- _PROBLEM STATEMENT_
In your reply, repeat every entry exactly and skip over each picture.

(Free-text object descriptions)

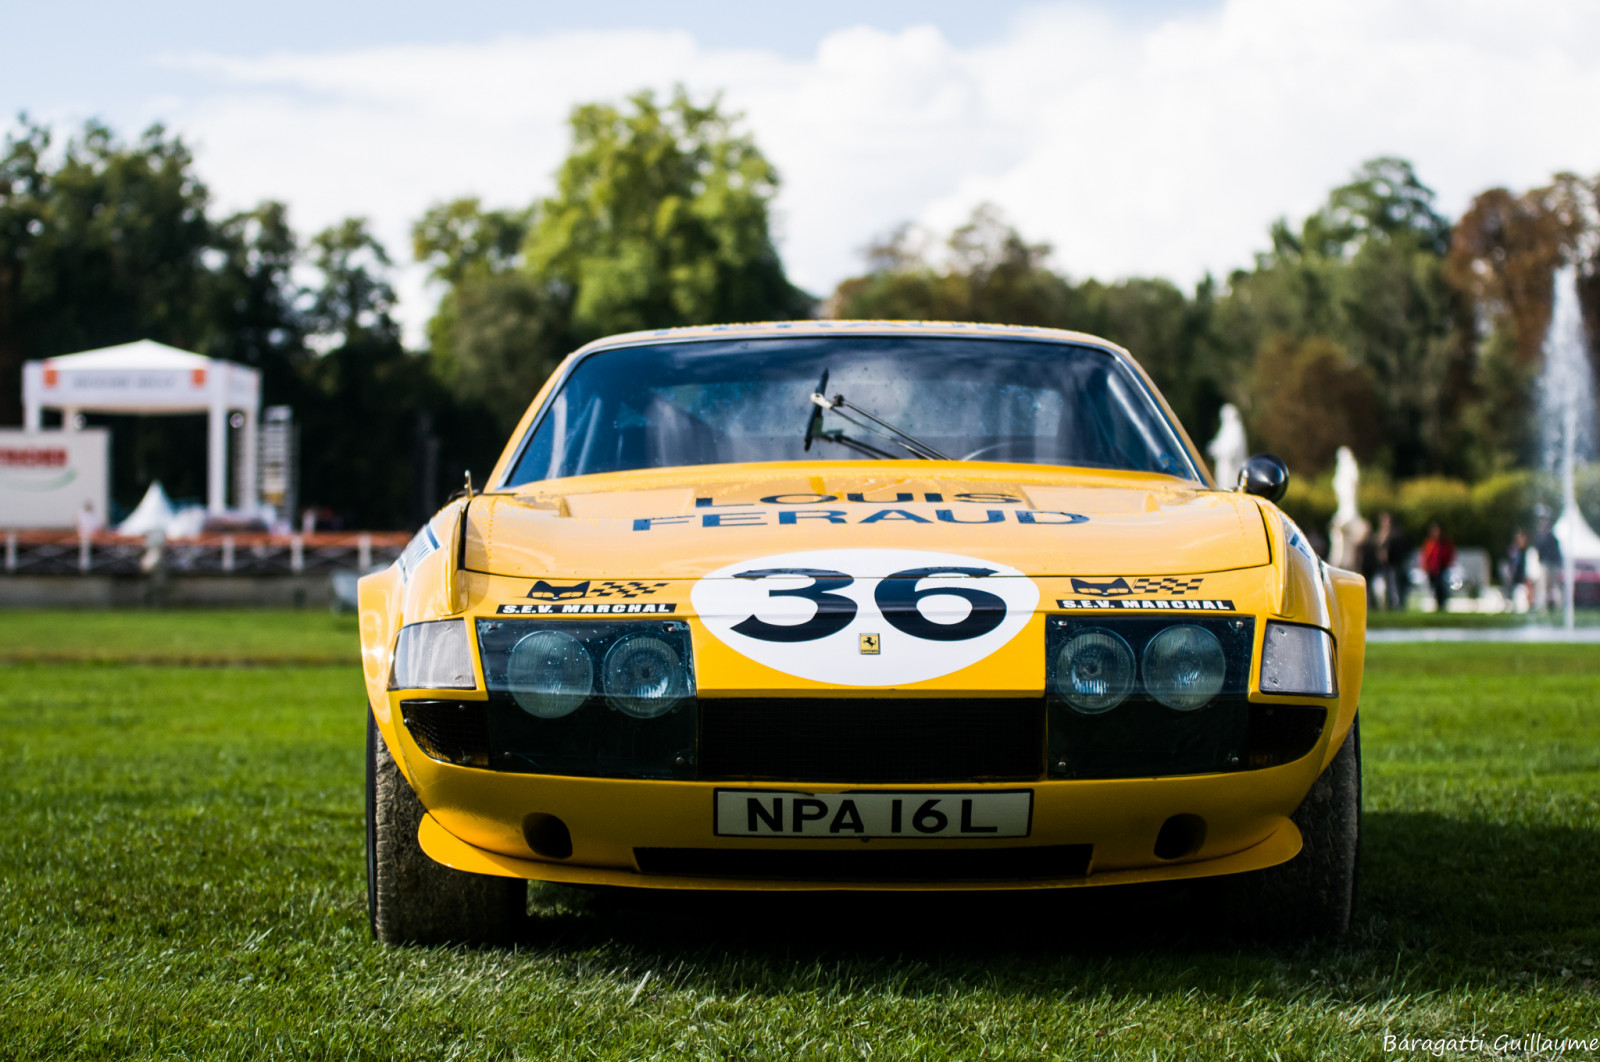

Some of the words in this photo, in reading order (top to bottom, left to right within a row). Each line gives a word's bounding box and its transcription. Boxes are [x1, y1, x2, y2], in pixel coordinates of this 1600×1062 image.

[695, 493, 1022, 508] LOUIS
[633, 509, 1090, 531] FERAUD
[502, 604, 553, 614] S.E.V.
[561, 603, 670, 613] MARCHAL
[729, 566, 1007, 643] 36
[1062, 599, 1115, 609] S.E.V.
[1120, 599, 1230, 610] MARCHAL
[747, 798, 864, 833] NPA
[891, 799, 998, 833] 16L
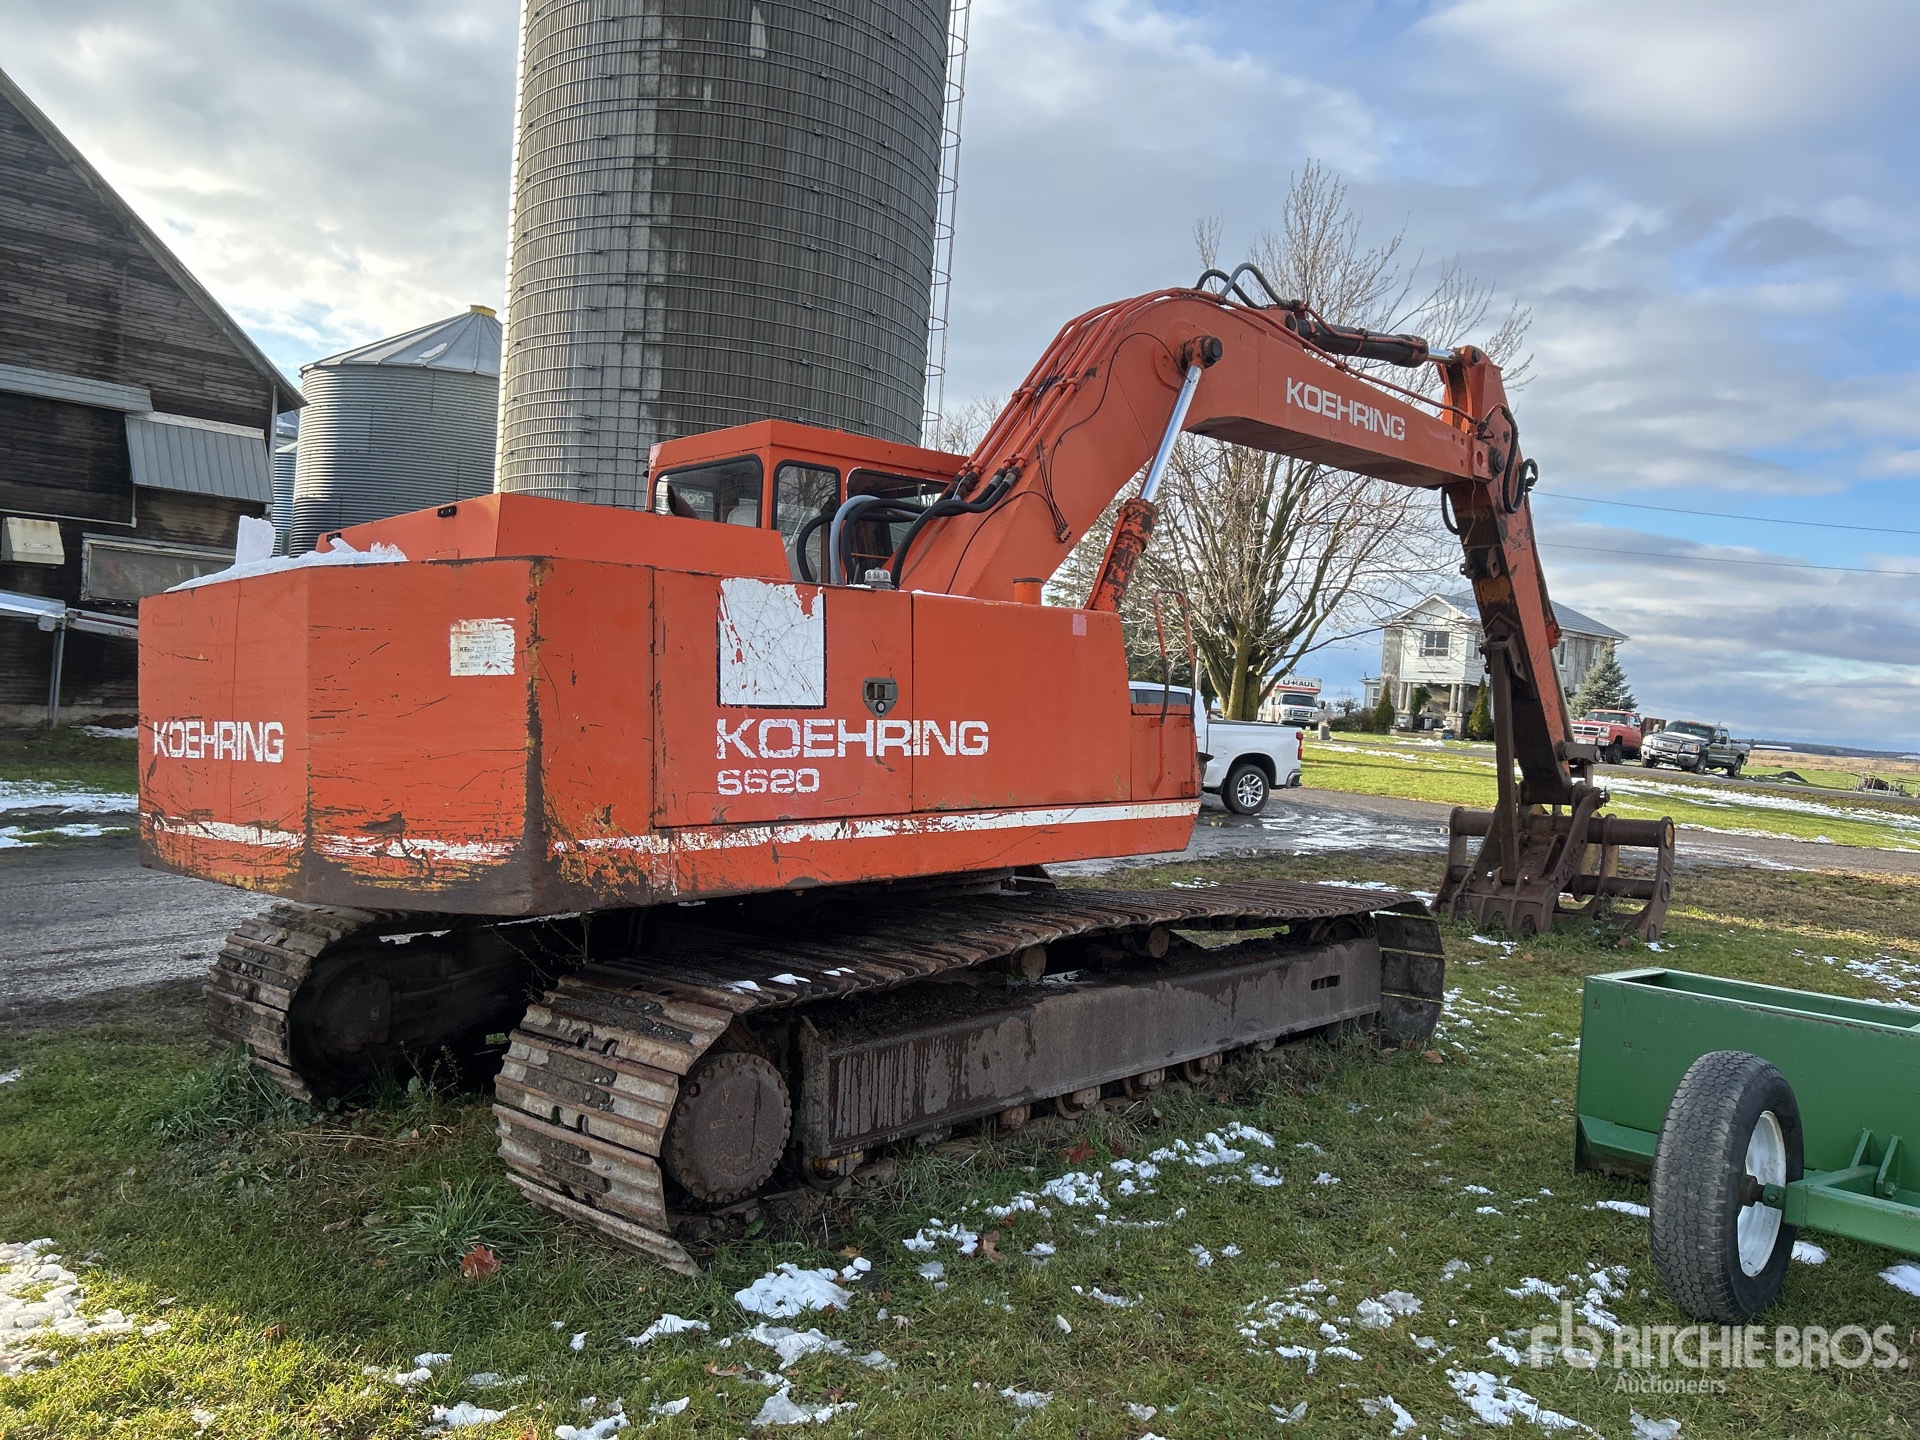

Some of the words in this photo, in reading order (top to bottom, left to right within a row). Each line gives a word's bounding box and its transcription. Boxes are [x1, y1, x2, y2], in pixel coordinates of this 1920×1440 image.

- _TASK RESULT_
Some of the words in this photo, in reading order (top to bottom, left to right within a row). Each line gives a word's bounding box and its transcription. Boxes are [x1, y1, x2, y2], in pixel coordinates of this 1600×1062 image.

[695, 493, 1022, 508] LOUIS
[633, 509, 1090, 531] FERAUD
[502, 604, 553, 614] S.E.V.
[561, 603, 670, 613] MARCHAL
[729, 566, 1007, 643] 36
[1062, 599, 1115, 609] S.E.V.
[1120, 599, 1230, 610] MARCHAL
[747, 798, 864, 833] NPA
[891, 799, 998, 833] 16L

Some of the words in this photo, in reading order (top to bottom, left to right within a row). Each line gives a word's bounding box and its transcription. Boxes are [x1, y1, x2, y2], in pixel coordinates of this 1920×1440 image.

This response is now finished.